Book Review: My Sisters the Saints




The cover looks a little dreamy. Muted and golden, the image hints at cozy chats, secrets shared in hushed tones, feminine confiding, and a tidy faith. In the distance, the light beckons. Ah ... all is well.

Not so fast.

All was not well, and Colleen Carroll Campbell knew it as early as her junior year in college. While nursing a hangover one autumn morning, she realized that a vague unease had settled over her, pricking at long-held assumptions, picking at a skin that had grown over unidentifiable feelings. Why did she feel such melancholy? Why was her freedom -- freedom from commitment, freedom in her career -- not forging the way to happiness?

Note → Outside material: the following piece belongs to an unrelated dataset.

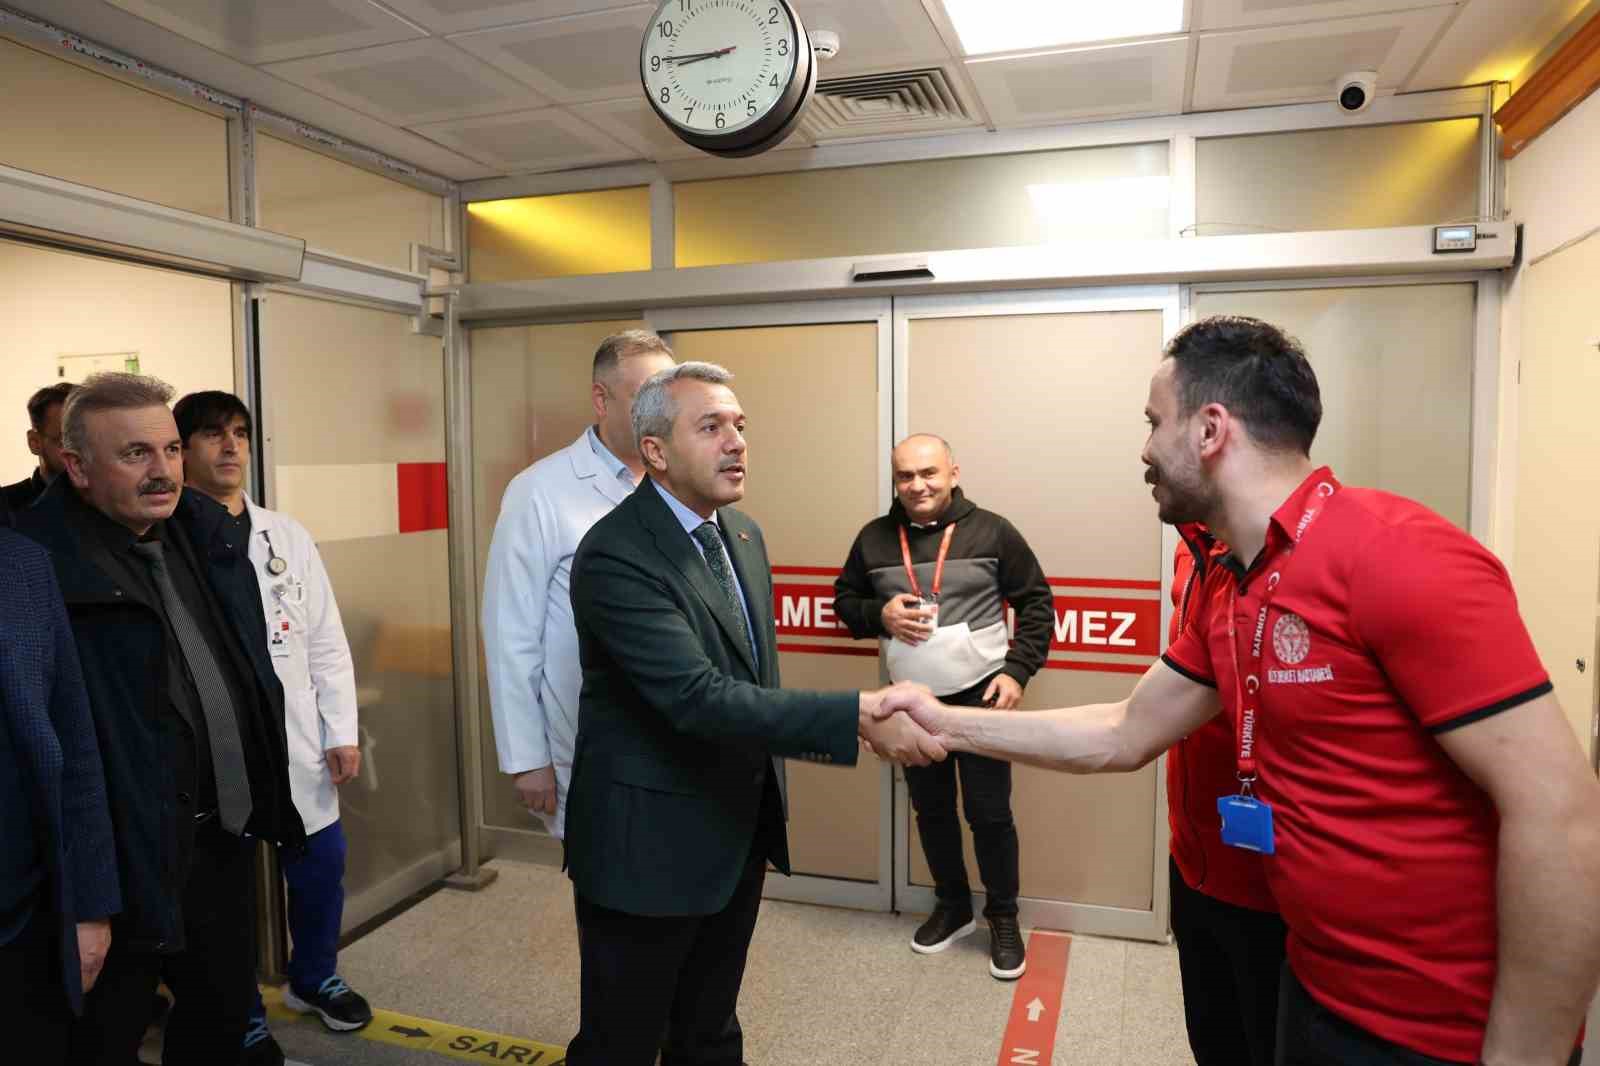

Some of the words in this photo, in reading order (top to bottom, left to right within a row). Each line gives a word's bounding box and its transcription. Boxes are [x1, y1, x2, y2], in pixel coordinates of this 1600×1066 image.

As a young woman who grew up with feminism in her bones, in "the air she breathed," Campbell was puzzled. She was embarking on the kind of life she'd always assumed she would have, and yet something was missing. What was it?

In My Sisters the Saints, Campbell chronicles a years-long spiritual journey. Much more than a pious treatise on saints as role models, the book is a portrait of a living, breathing community that is all the more interesting because much of the community is dead. That's the ironic wonder of the communion of saints, and Campbell does a fine job of showing us how it works without pounding us over the head with its inner theological gears.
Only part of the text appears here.